## What you should do:
Write the data below out exactly as it stands. Do not include the pictures.

## Stored data entries:
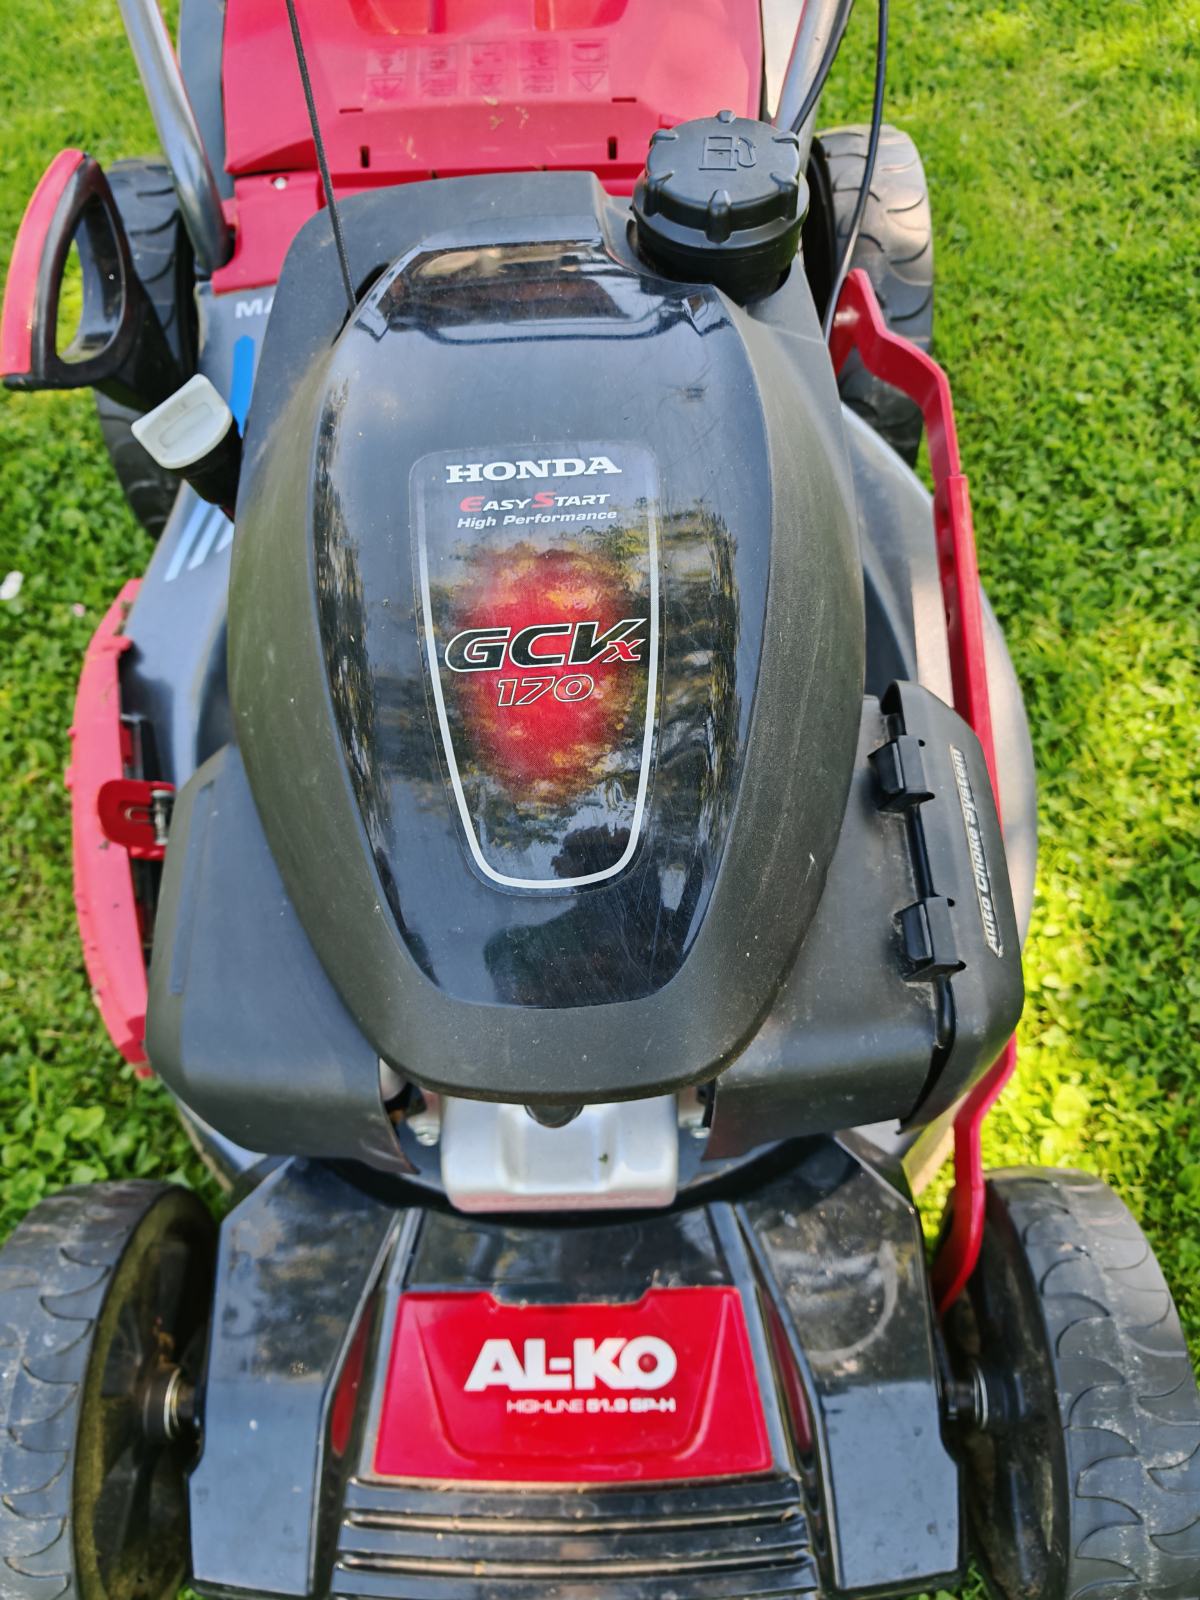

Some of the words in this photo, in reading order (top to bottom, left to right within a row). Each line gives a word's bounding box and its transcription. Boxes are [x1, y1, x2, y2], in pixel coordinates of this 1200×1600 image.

[446, 456, 622, 484] HONDA
[457, 516, 497, 530] High
[503, 510, 617, 526] Performance
[496, 673, 595, 707] 170
[952, 749, 979, 824] System
[966, 829, 990, 892] Choke
[981, 897, 1001, 952] Auto
[464, 1335, 678, 1392] AL-KO
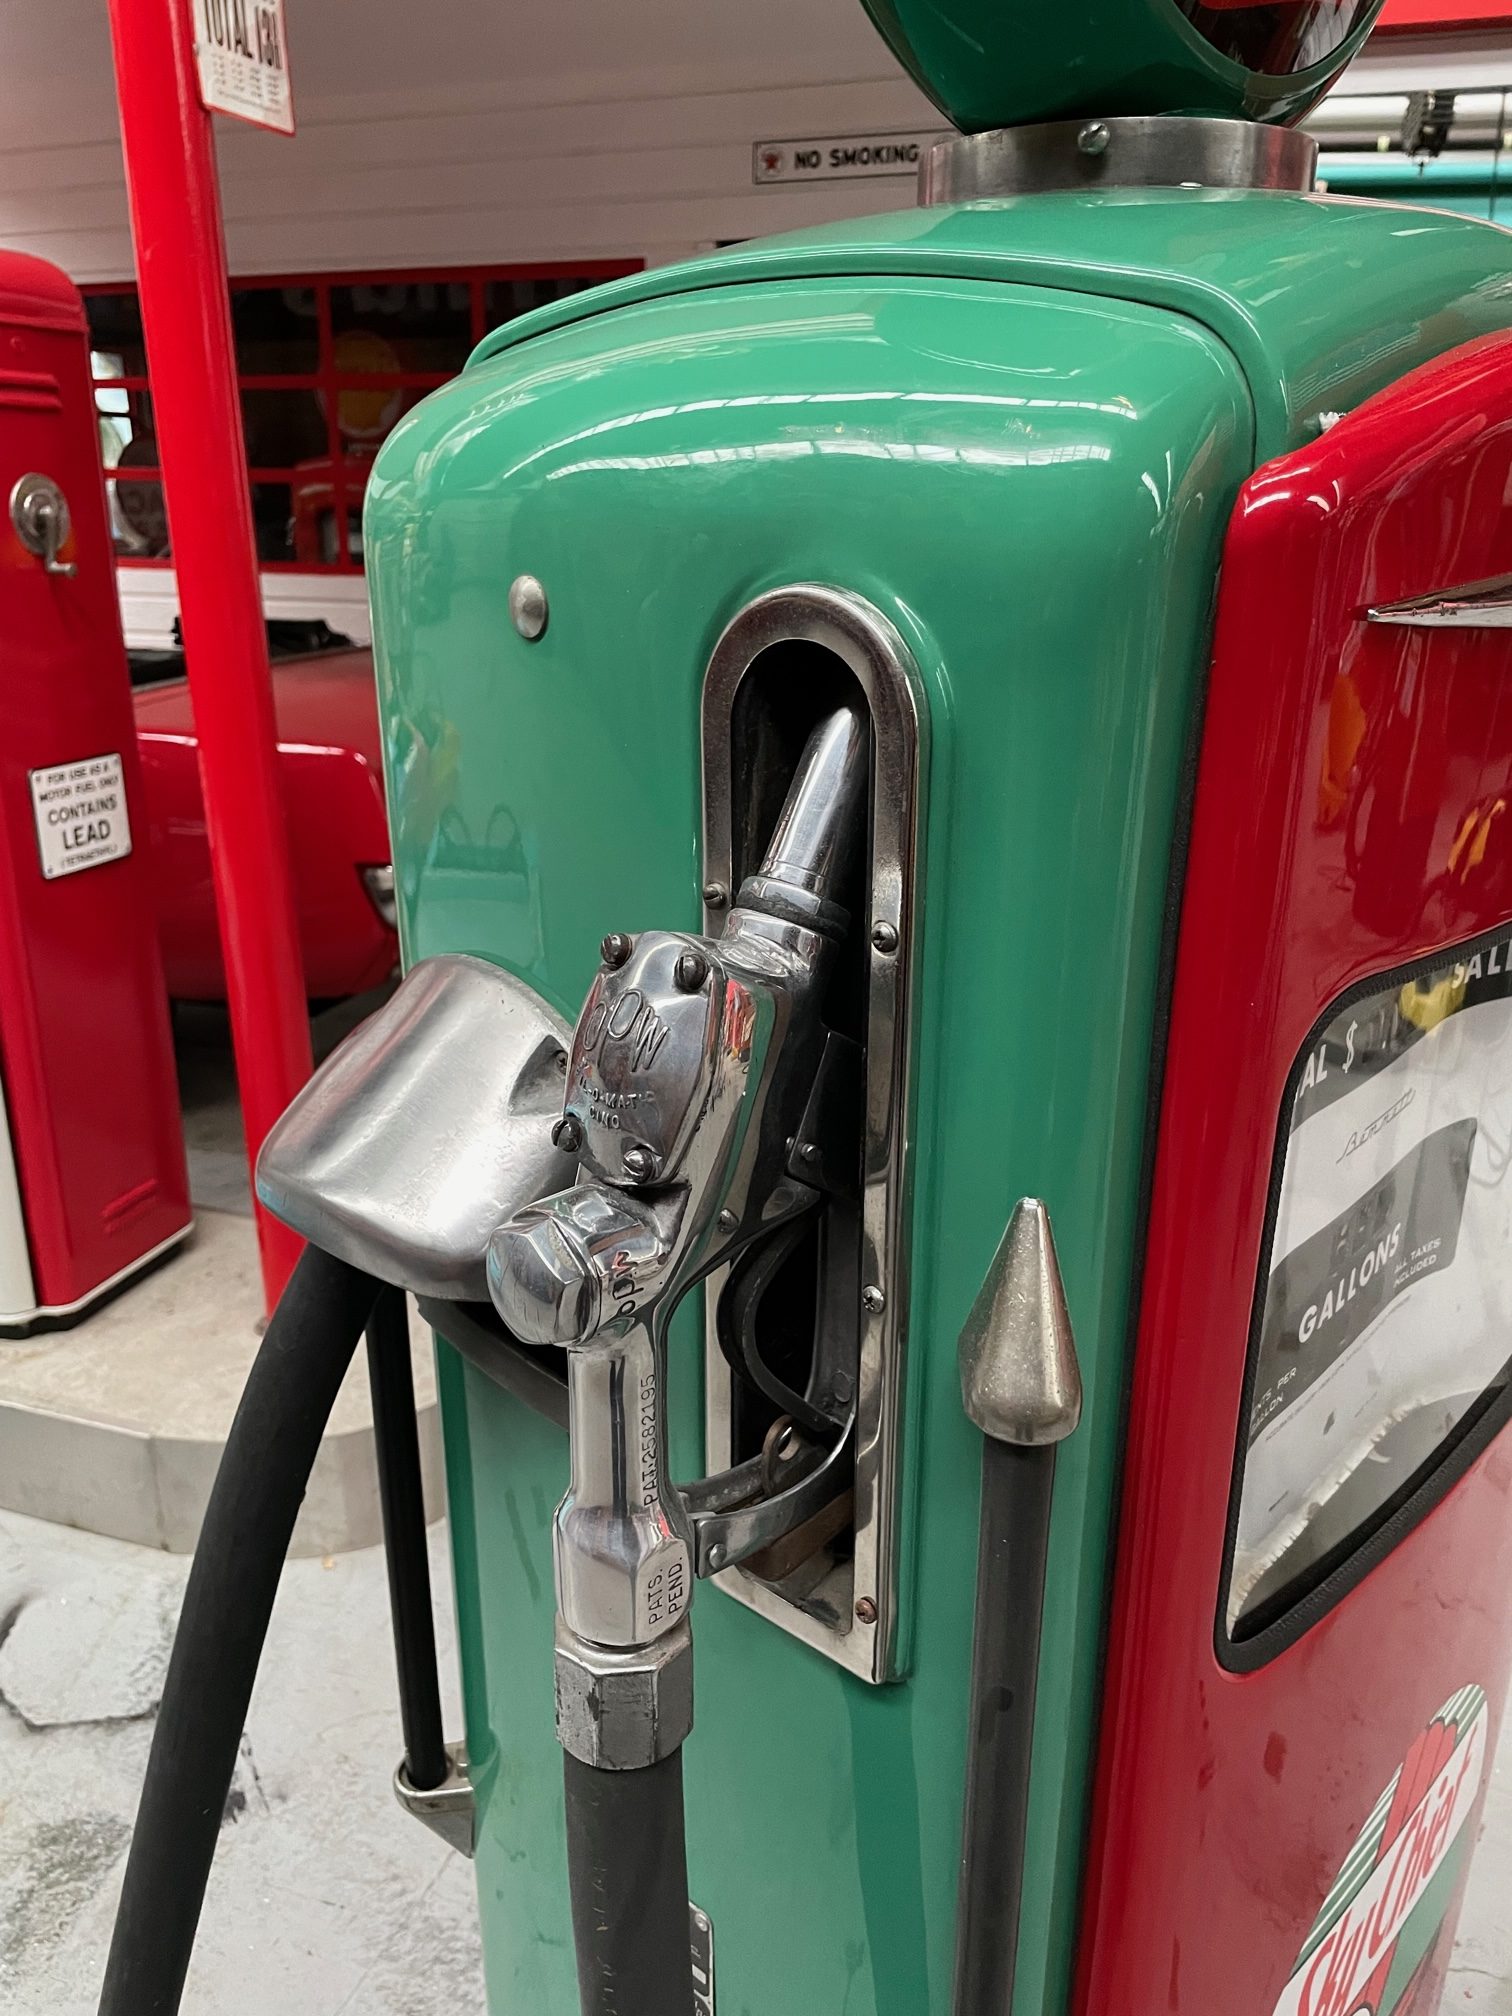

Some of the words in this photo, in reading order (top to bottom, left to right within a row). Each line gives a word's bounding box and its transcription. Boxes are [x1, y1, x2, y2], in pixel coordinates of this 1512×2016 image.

[795, 151, 821, 169] NO
[830, 144, 919, 168] SMOKING
[40, 786, 71, 801] MOTOR
[48, 794, 118, 825] CONTAINS
[62, 820, 111, 850] LEAD
[1299, 1044, 1328, 1098] AL
[1341, 1019, 1358, 1074] $
[1451, 939, 1512, 989] SAL
[1411, 1237, 1442, 1260] TAXES
[1299, 1222, 1401, 1343] GALLONS
[1277, 1367, 1297, 1390] PER
[647, 1568, 663, 1625] PATS.
[668, 1556, 683, 1615] PEND.
[1368, 1721, 1478, 1960] Chief
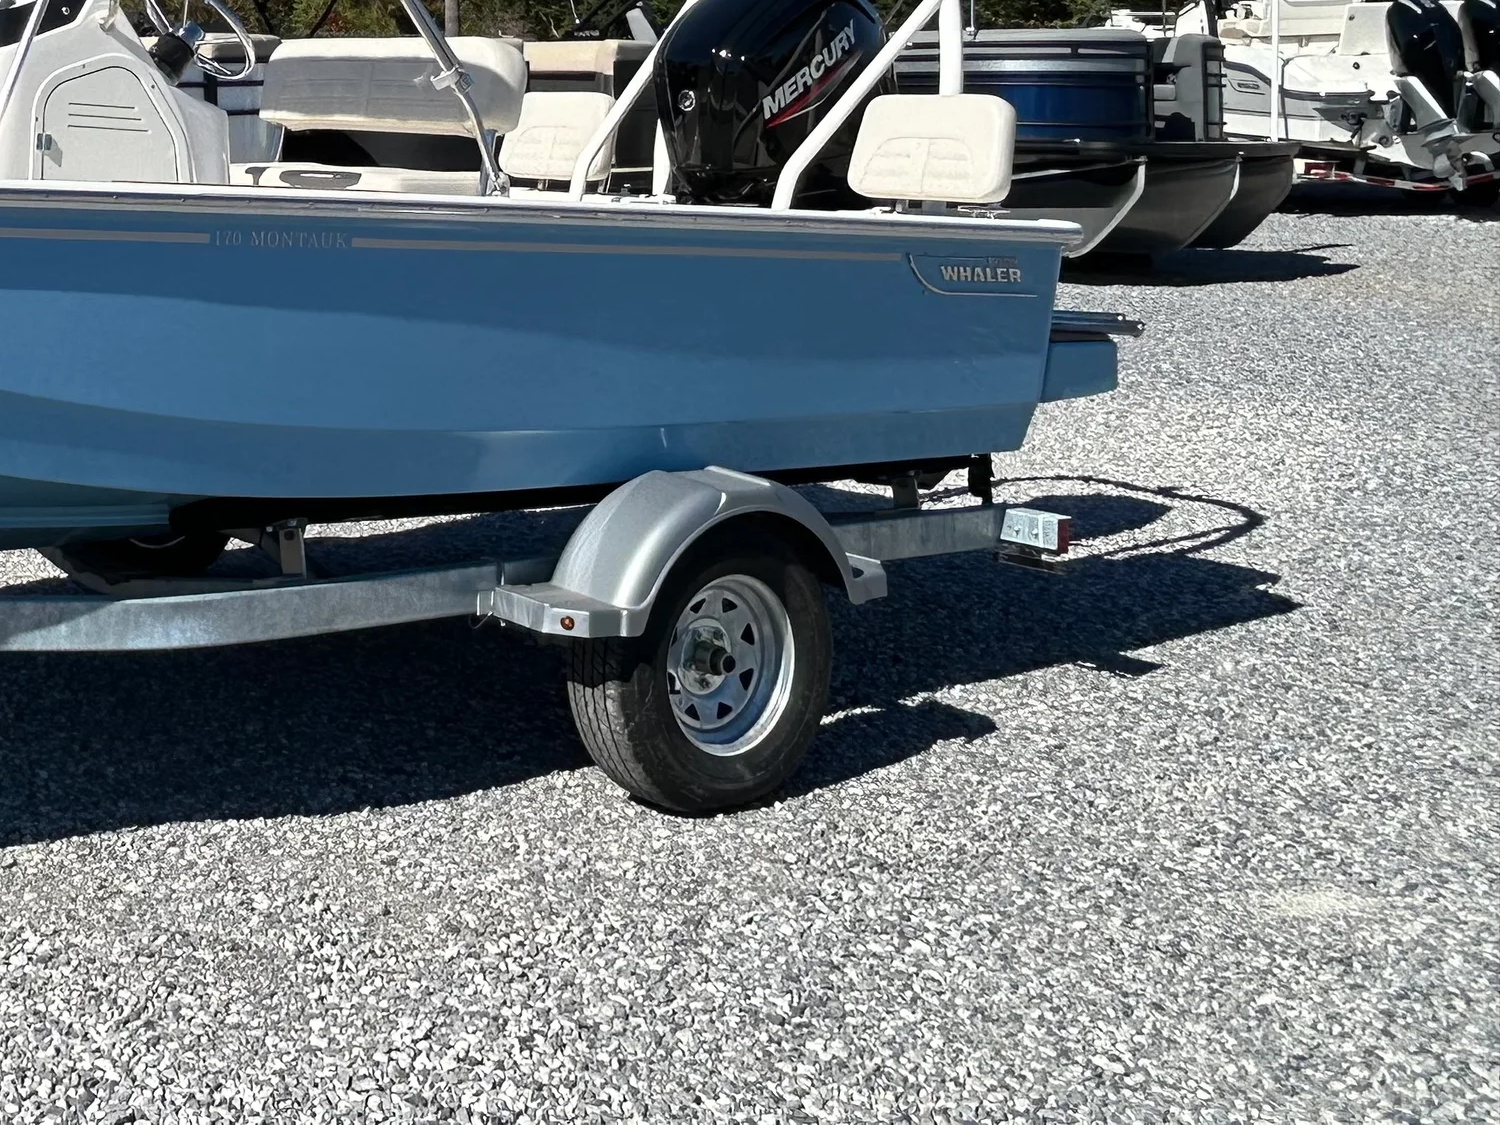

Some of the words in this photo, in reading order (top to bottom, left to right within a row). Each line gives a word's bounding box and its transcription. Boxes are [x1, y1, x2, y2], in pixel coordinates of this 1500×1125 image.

[762, 18, 855, 120] MERCURY
[215, 230, 242, 246] 170
[251, 230, 348, 248] MONTAUK
[940, 265, 1021, 283] WHALER

## Solved problem:
Some of the words in this photo, in reading order (top to bottom, left to right within a row). Each line gives a word's bounding box and its transcription. Boxes are [x1, y1, x2, y2], in pixel coordinates of this 1200×1600 image.

[446, 456, 622, 484] HONDA
[457, 516, 497, 530] High
[503, 510, 617, 526] Performance
[496, 673, 595, 707] 170
[952, 749, 979, 824] System
[966, 829, 990, 892] Choke
[981, 897, 1001, 952] Auto
[464, 1335, 678, 1392] AL-KO

Some of the words in this photo, in reading order (top to bottom, left to right within a row). Each line gives a word's bounding box and its transcription. Boxes are [x1, y1, x2, y2], in pixel coordinates of this 1512×2016 image.

[795, 151, 821, 169] NO
[830, 144, 919, 168] SMOKING
[40, 786, 71, 801] MOTOR
[48, 794, 118, 825] CONTAINS
[62, 820, 111, 850] LEAD
[1299, 1044, 1328, 1098] AL
[1341, 1019, 1358, 1074] $
[1451, 939, 1512, 989] SAL
[1411, 1237, 1442, 1260] TAXES
[1299, 1222, 1401, 1343] GALLONS
[1277, 1367, 1297, 1390] PER
[647, 1568, 663, 1625] PATS.
[668, 1556, 683, 1615] PEND.
[1368, 1721, 1478, 1960] Chief

Some of the words in this photo, in reading order (top to bottom, left to right within a row). Each line gives a word's bounding box and its transcription. Boxes are [x1, y1, x2, y2], in pixel coordinates of this 1500×1125 image.

[762, 18, 855, 120] MERCURY
[215, 230, 242, 246] 170
[251, 230, 348, 248] MONTAUK
[940, 265, 1021, 283] WHALER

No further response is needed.